Here’s a perspective from someone vaguely acquainted with the relevant way of doing science (surveys, depth interviews) that Hernandez was talking about: it may be a long time before a peer-reviewed academic journal will sign off on the kind of research he is talking about. Either he is a poor spokesperson or the project itself is deeply flawed from a methodological perspective.
In terms of the academic credentials Hernandez cited, there doesn’t seem to be any training in research design for the social sciences, psychology or parapsychology. The FREE board of directors’ background doesn’t seem to make up for that lack of expertise in any substantial way. This left me wondering which, if any, survey or qualitative research consultants FREE drew upon to design their study.
In the spirit of “it’s not bad science because it’s about UFOs or ETs, it’s bad science because it’s bad science” here are some of the red flags I saw:
1. Problems with definitions. On the one hand, the FREE study wants to look at all kinds of different phenomena – ghosts, NDE, OBE, etc. – under the label of ET contact. FREE defines ET as a non-human, intelligent being associated with UFO contact. Danger, danger Will Robinson: risk of circular logic at work. Under pressure from Chris, Hernandez later says the FREE study is not about just any old anomalous contact experience; it’s focused only on UFO-related experiences. (What Would LAM Say?) All of this imposes a fake reality on categories that are themselves fluid and significantly culturally determined. It helps to front load the responses of participants in the research and fools few others.

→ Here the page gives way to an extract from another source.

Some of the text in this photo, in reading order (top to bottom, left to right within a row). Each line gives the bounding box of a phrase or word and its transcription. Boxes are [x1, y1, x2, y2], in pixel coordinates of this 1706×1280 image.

Further into the interview, Hernandez makes it clear that the FREE team assumes that other forms of anomalous experience will fall into line with the ET experience model quickly enough. They already believe that different types of encounter can be explained by the quantum hologram theory of interdimensional physics. Hernandez himself knows this to be true because he received it in a “download” or telepathic contact message. Telepathic downloads or not, academic journals tend to frown on reasoning backwards from assumed findings.
2) Problems with research design.
A) Survey friendliness. Typically, social science researchers do not design 600+ item surveys that take hours to complete. 600 items suggests the researchers don’t really know what they’re looking for and that they don’t care about the response rate – they don’t really believe their targeted survey respondents have a life, as the saying goes. Hernandez says it takes respondents hours to fill out the survey, which will help guard against hoaxers. He doesn’t comment on how that might bias response rates and the data collected in general – which it definitely will. In real life, survey researchers try to cut down the time it takes to complete a survey in order to maximize response likelihood of responses from the population being sampled.

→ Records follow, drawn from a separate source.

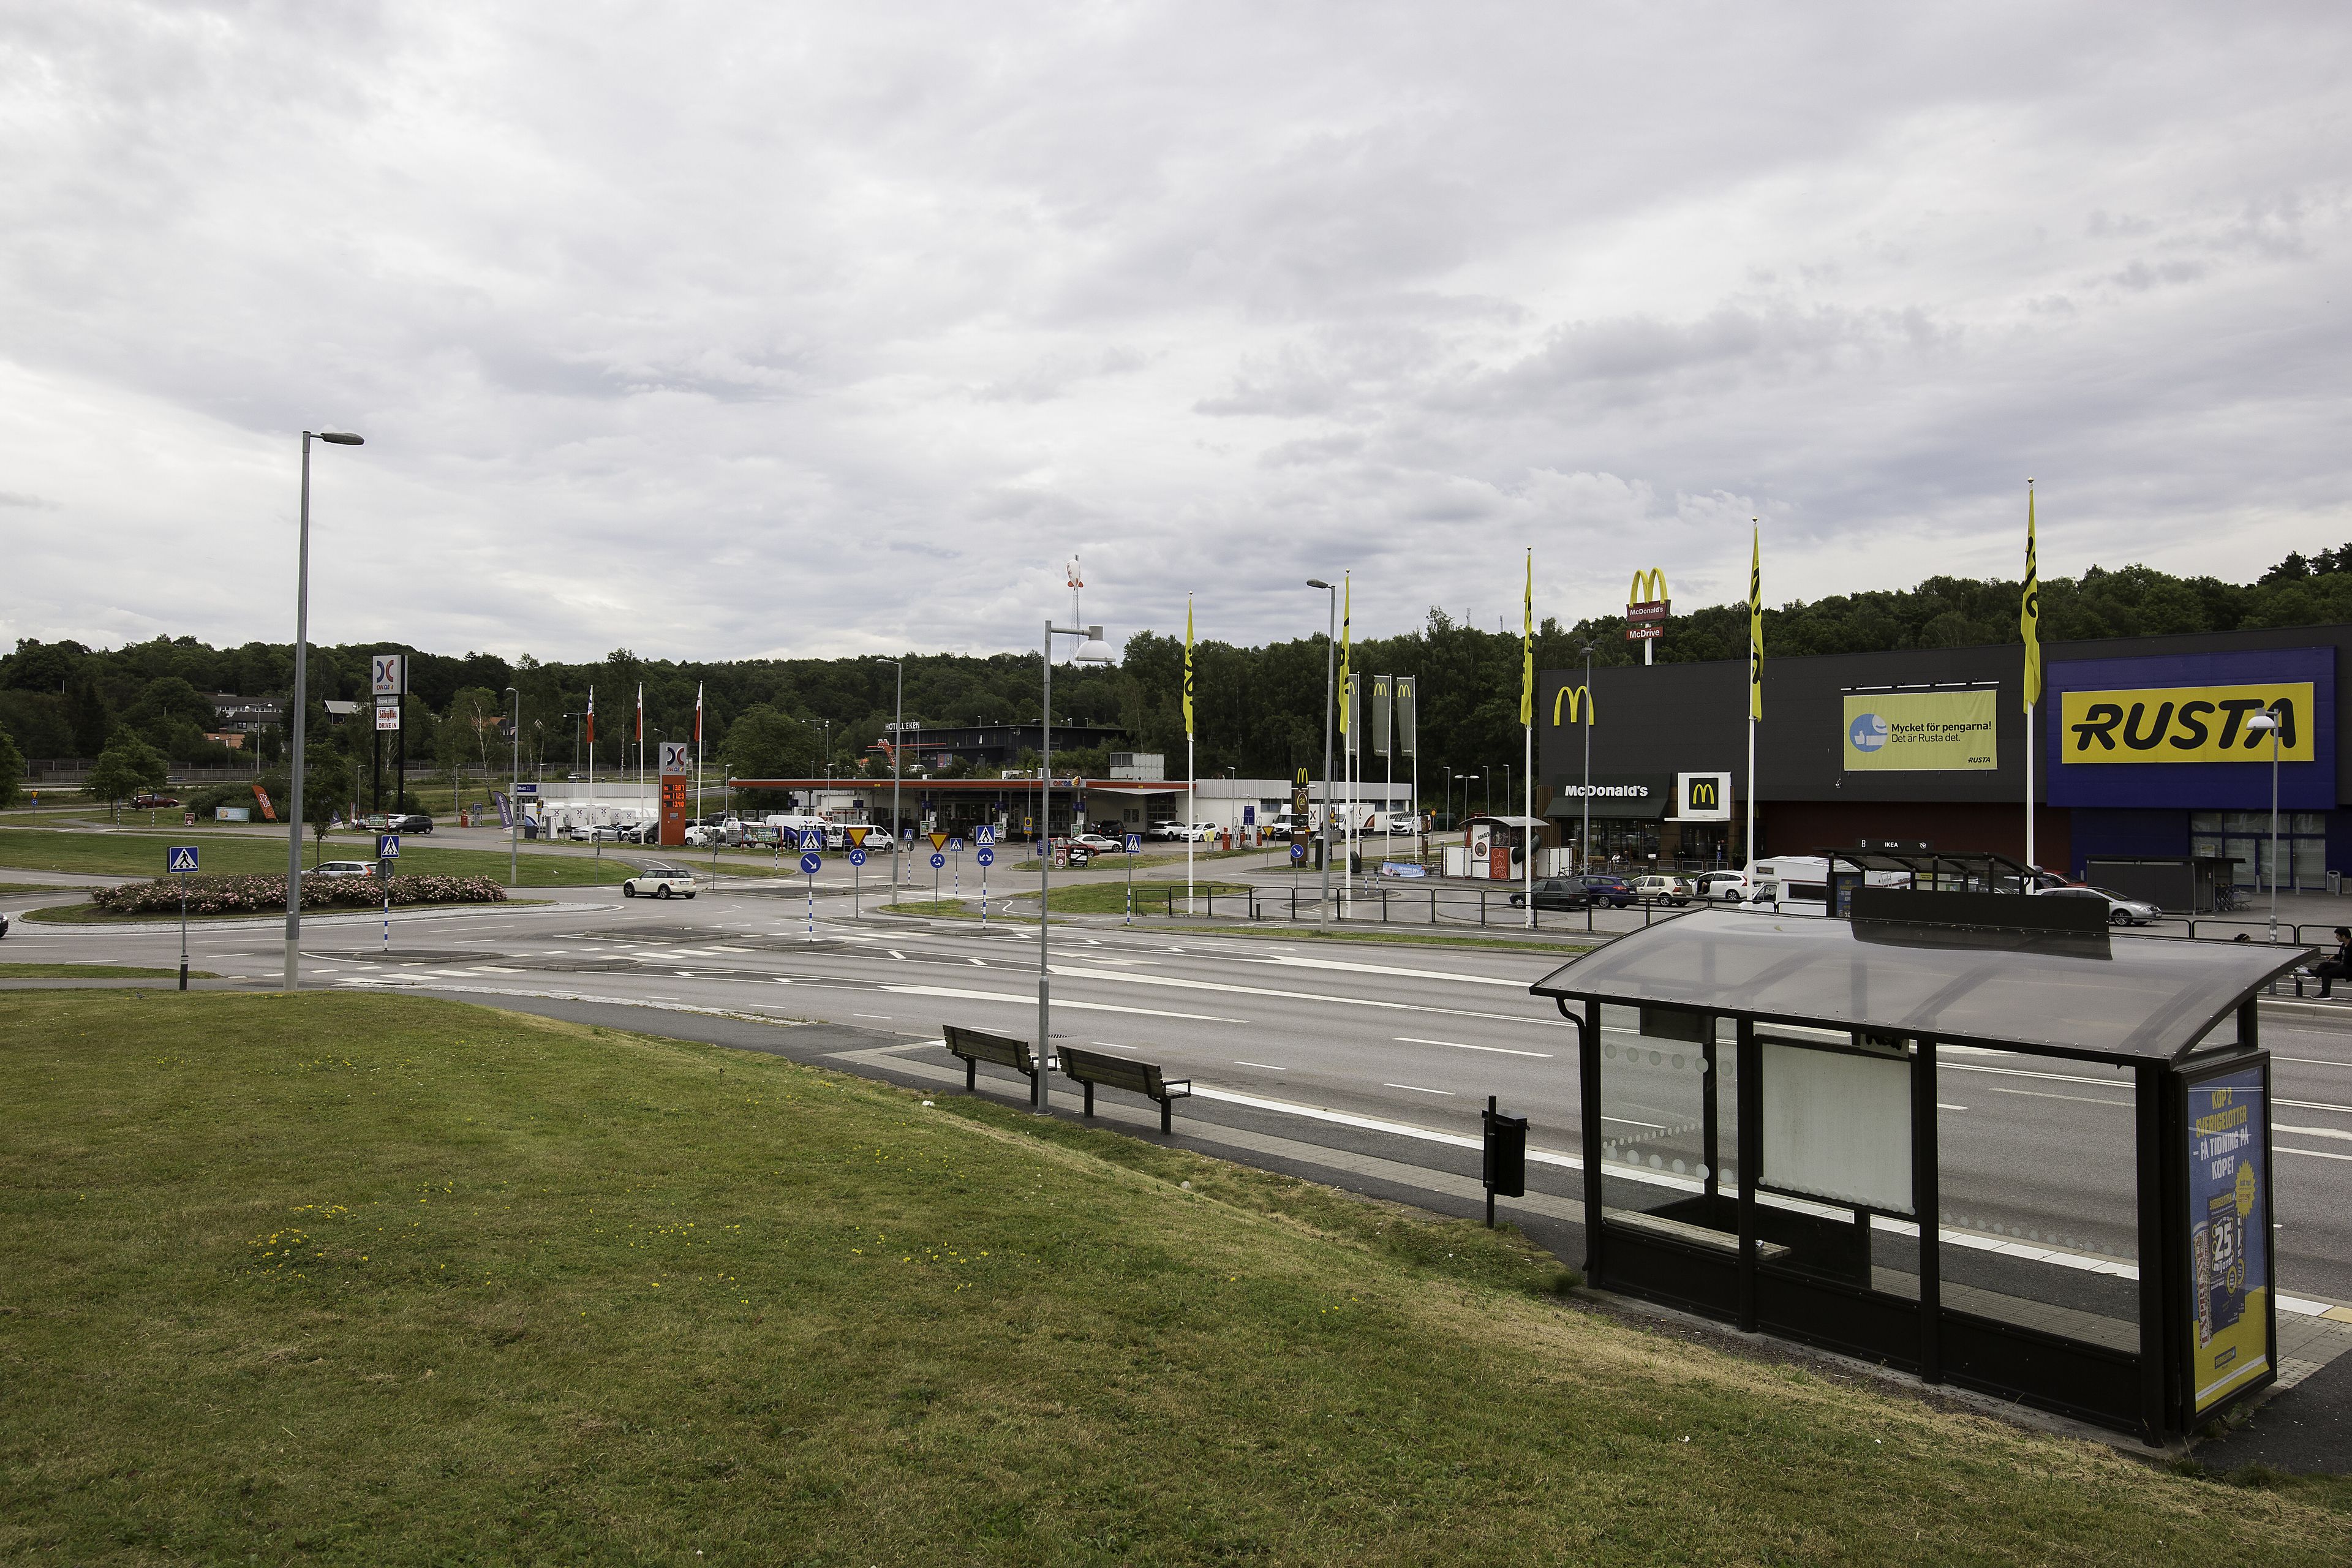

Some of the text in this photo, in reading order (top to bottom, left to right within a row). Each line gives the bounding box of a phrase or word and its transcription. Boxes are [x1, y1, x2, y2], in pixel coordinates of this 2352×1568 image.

[1630, 606, 1664, 616] McDonald's
[1629, 629, 1660, 639] McDrive
[379, 709, 396, 720] Sibylla
[1891, 721, 1991, 734] Mycket för pengarna!
[2071, 698, 2297, 751] RUSTA
[1918, 733, 1943, 742] Rusta
[1945, 733, 1961, 742] det.
[1564, 785, 1648, 797] McDonald's
[2212, 1087, 2232, 1109] KÖP 2
[2210, 1131, 2238, 1156] TIDNING
[2240, 1125, 2249, 1144] PÅ
[2211, 1155, 2234, 1180] KÖPET
[2215, 1223, 2232, 1261] 25
[2214, 1255, 2233, 1273] miljoner

B) Sampling strategy. Findings that report a percentage of this or a percentage of that are meaningless without knowing the sampling universe, population and response rates. At one point Gene says, “This is a random poll?” Hernandez answers yes, which suggests he is ignorant about a crucial point. A random poll has a very specific meaning in terms of the sampling procedures that have been followed to represent the views of a broader population. The percentages Hernadez reports, e.g. abductions accounting for only 30 percent of UFO/ET contact, are completely meaningless in a statistical sense. Hernandez does not seem to understand that.
C) Ethics. Phase III - a detailed psychological profile aimed at least in part at ruling out psychiatric disorders which Hernandez jocularly comments the board of directors might not like to take themselves, and Phase IV - a days-long, probing, in-depth, formal, one-on-one interview – as described by Hernandez raise a couple of basic red flags. One red flag is that this sounds like the kind of research that has significant potential to harm the subjects involved. Will any conclusions reached by Phase III data analysis be matched against actual medical or treatment records to verify validity? What protocols will be followed for ensuring confidentiality and HIPPA protections? What institutional review board will ensure and be legally liable for ensuring protection of human research subjects?

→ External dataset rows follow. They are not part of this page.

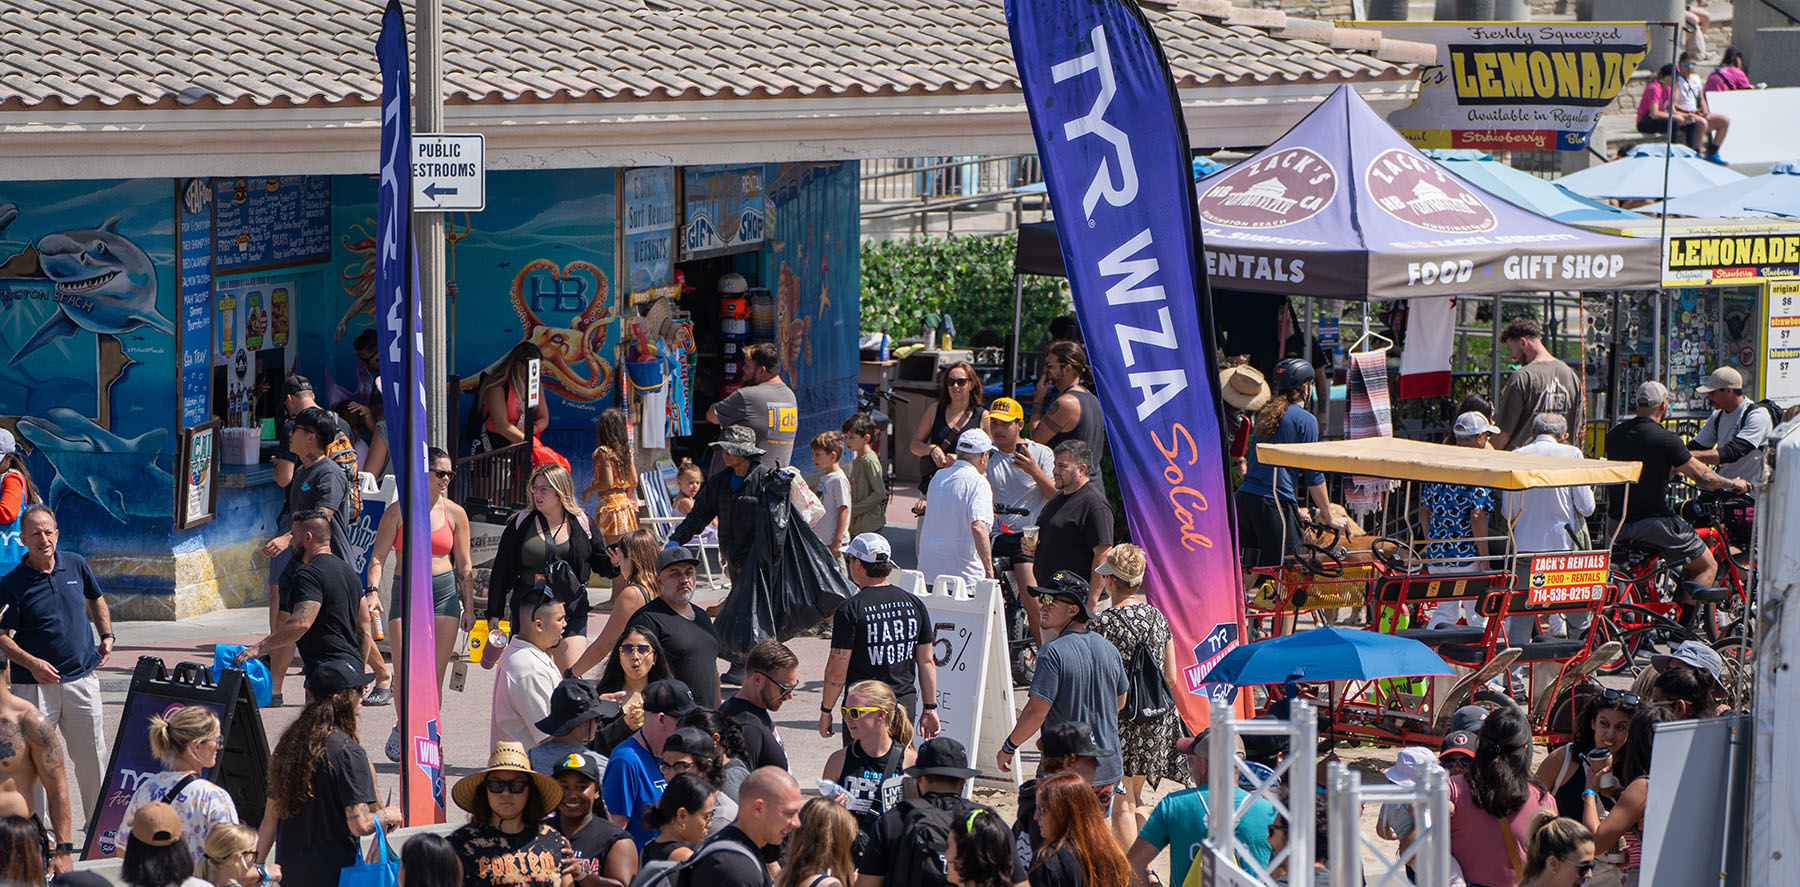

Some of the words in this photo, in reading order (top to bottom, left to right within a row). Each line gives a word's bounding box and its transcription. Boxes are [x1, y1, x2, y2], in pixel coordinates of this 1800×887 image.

[1467, 26, 1533, 45] Freshly
[1539, 26, 1624, 44] Squeezed
[1468, 108, 1530, 123] Available
[1534, 110, 1547, 121] in
[1461, 131, 1547, 147] Strawberry
[1565, 132, 1585, 145] Blu
[419, 143, 461, 158] PUBLIC
[413, 162, 476, 178] ESTROOMS
[1248, 151, 1330, 186] ZACK'S
[1371, 151, 1447, 184] ZACK'S
[1207, 185, 1234, 198] HB
[1299, 195, 1325, 211] CA
[1379, 195, 1407, 212] HB
[629, 204, 646, 229] Surf
[648, 202, 674, 226] Rentals
[1051, 24, 1140, 216] TYR
[1097, 227, 1190, 423] WZA
[688, 218, 715, 250] GIFT
[739, 212, 764, 242] SHOP
[634, 237, 667, 264] WETSUITS
[1669, 236, 1800, 267] LEMONADE
[1204, 251, 1305, 284] ENTALS
[1407, 259, 1474, 287] FOOD
[1503, 254, 1558, 281] GIFT
[1562, 254, 1625, 279] SHOP
[1675, 270, 1703, 282] Original
[1715, 269, 1754, 279] Strawberry
[1760, 267, 1795, 277] Blueberry
[530, 274, 589, 313] HB
[1772, 284, 1800, 294] original
[54, 291, 94, 313] BEACH
[1780, 329, 1790, 339] $7
[1779, 362, 1789, 372] $7
[1151, 422, 1213, 551] SoCal
[1535, 557, 1565, 571] ZACK'S
[1567, 555, 1605, 570] RENTALS
[1547, 574, 1564, 584] FOOD
[1571, 572, 1601, 583] RENTALS
[1533, 586, 1591, 603] 714-536-0215
[880, 601, 913, 610] OFFICIAL
[865, 610, 902, 622] SPONSOR
[867, 617, 918, 644] HARD
[1208, 627, 1228, 652] TYR
[867, 642, 914, 666] WORK
[120, 769, 157, 791] TY
[884, 785, 903, 798] LIVE

C - The more fundamental red flag is that the research design is itself backwards. You don’t go from close-ended survey items to open-ended depth interviews. It’s the other way around. If you need your survey respondents to explain in depth why they answered the survey questions the way they did, you just put up a blinking neon sign that tells everyone within a 50 internet mile radius “I have no idea what I’m doing!”
In my experience as a former academic there are two fundamental problems involved in provoking academic or scientific interest UFOs and their cognate phenomena. There’s an unwillingness to accept that there may be a problem that is not solvable per se and there’s an unwillingness to accept that a problem may require an explanation outside of the scientific framework. Those are real obstacles and they should not be minimized. What can be minimized is doing really bad research on the assumption that no one is going to notice or care.
Throw out a subject-specific grant or scholarship to first or second year grad students in sociology, anthropology or psychology with provisos that they have to review certain literature and work with a certain board of advisors to conduct research. Then you’ll get cutting edge research design and methods put to work for a paper that could be published.